In [None]:
from google.colab import drive
drive.mount('/content/drive')

!python -m pip install -U "tensorflow-text==2.9.*"
!python -m pip install tensorflow-hub
!python -m pip install tensorflow_datasets

%cd /content/drive/MyDrive/2022_2_machine_learning_hw4/TFNLP_prac
import sys
sys.path.append('/content/drive/MyDrive/2022_2_machine_learning_hw4/TFNLP_prac')
print(sys.path)

import tensorflow as tf
print(tf.config.list_physical_devices('GPU'))

In [None]:
import argparse
from dataset import build as dataset_build
from model import build as model_build

In [None]:
def parse_args():
    parser = argparse.ArgumentParser(
        description='Machine Learning Homework 4 : NLP')

    # model setting
    '''
    word_embed : bert
    encoder : bert
    decoder : transformer
    head : sentiment_head
    '''
    parser.add_argument('--word_embed', default='bert', type=str)
    parser.add_argument('--encoder', default='bert', type=str)
    parser.add_argument('--decoder', default='transformer', type=str)
    parser.add_argument('--head', default='sentiment_head', type=str)

    # dataset setting
    # imdb or raw_imdb
    parser.add_argument('--dataset', default='raw_imdb', type=str)

    # imdb dataset setting
    parser.add_argument('--n_words', default=10000, type=int)
    parser.add_argument('--max_len', default=128, type=int)
    # 256
    parser.add_argument('--dim_embedding', default=256, type=int)

    # encoder
    parser.add_argument('--encoder_n_layer', default=2, type=int)

    # cnn encoder
    parser.add_argument('--cnn_kernel_size', default=3, type=int)

    # transformer
    parser.add_argument('--encoder_n_head', default=8, type=int)

    # decoder
    parser.add_argument('--decoder_n_layer', default=2, type=int)
    parser.add_argument('--decoder_n_head', default=4, type=int)

    # bert
    parser.add_argument('--bert_model_name', default='small_bert/bert_en_uncased_L-4_H-256_A-4', type=str)

    # hyper parameter
    parser.add_argument('--drop_out', default=0.05, type=float)
    parser.add_argument('--optimizer', default='adam', type=str)
    parser.add_argument('--loss', default='binary_crossentropy', type=str)
    parser.add_argument('--epochs', default=5, type=int)
    parser.add_argument('--batch_size', default=500, type=int)
    parser.add_argument('--seed', default=42, type=int)

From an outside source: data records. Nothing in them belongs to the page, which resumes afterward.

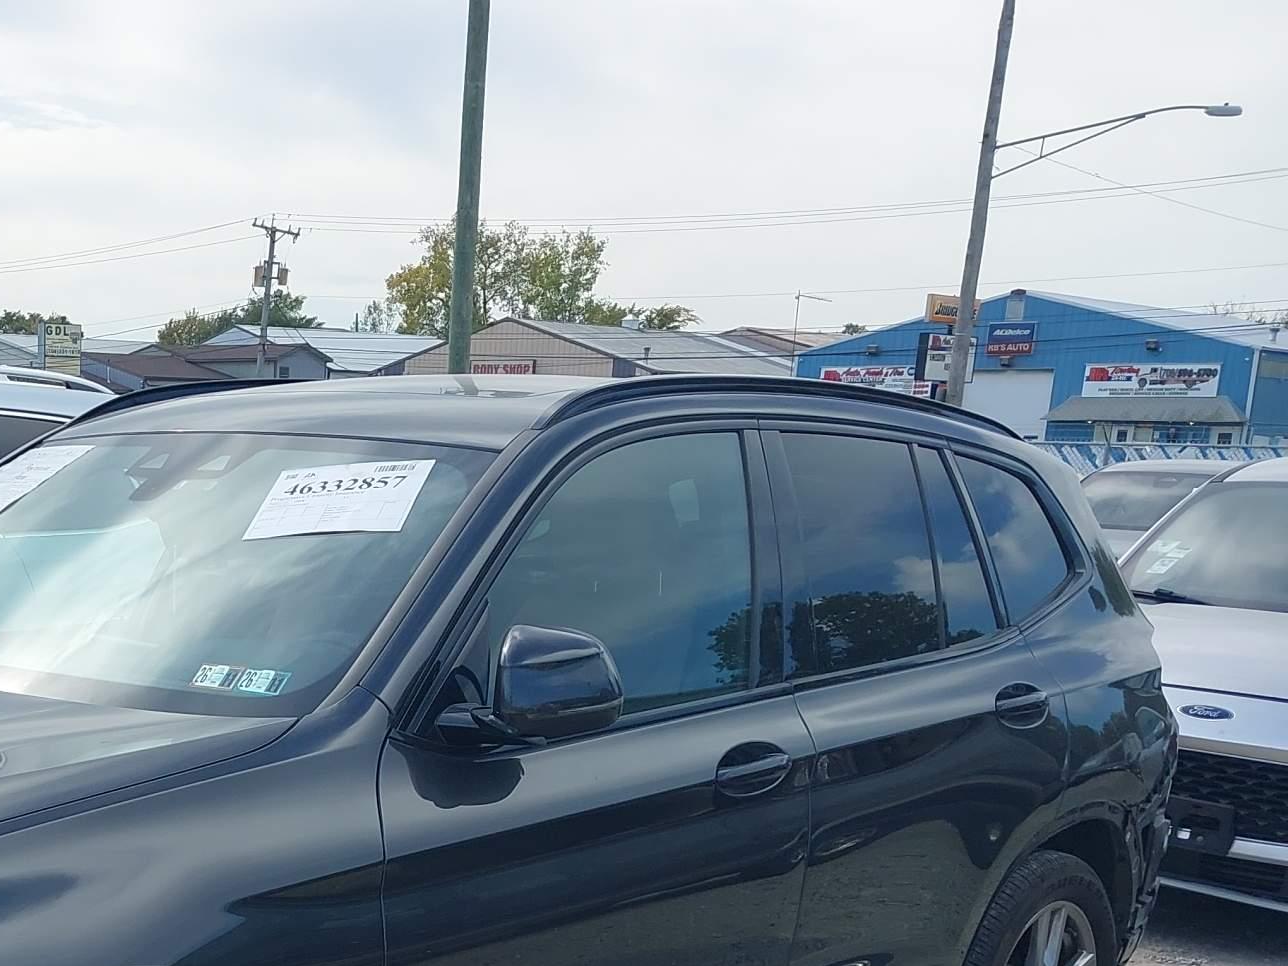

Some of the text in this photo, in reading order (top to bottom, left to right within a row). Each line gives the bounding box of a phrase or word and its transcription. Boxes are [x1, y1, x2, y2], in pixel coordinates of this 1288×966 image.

[46, 325, 69, 336] GDL
[992, 328, 1032, 336] ACDelco
[1006, 343, 1030, 351] AUTO
[473, 363, 531, 374] BODY SHOP
[284, 475, 408, 496] 46332857
[195, 667, 213, 684] 26
[240, 671, 258, 688] 26
[1189, 705, 1221, 718] Ford

    return parser.parse_args(args=[])

In [None]:
if __name__ == '__main__':
    args = parse_args()
    model = model_build.build_model(args)
    model.summary()
    model.compile(optimizer=args.optimizer, loss=args.loss, metrics=["accuracy"])

    if args.dataset == 'imdb':
        (x_train, y_train), (x_test, y_test) = dataset_build.build_dataset(args)
        score = model.fit(x_train, y_train,
                          epochs=args.epochs,
                          batch_size=args.batch_size,
                          validation_data=(x_test, y_test))
        print("\nTest loss:", score.history['val_loss'][-1])
        print('Test accuracy:', score.history['val_accuracy'][-1])

    elif args.dataset == 'raw_imdb':
        train_ds, val_ds, test_ds = dataset_build.build_dataset(args)
        score = model.fit(x=train_ds,
                          validation_data=val_ds,
                          epochs=args.epochs)
        print("\nTest loss:", score.history['val_loss'][-1])
        print('Test accuracy:', score.history['val_accuracy'][-1])

    else:
        print("args.dataset error")
        exit()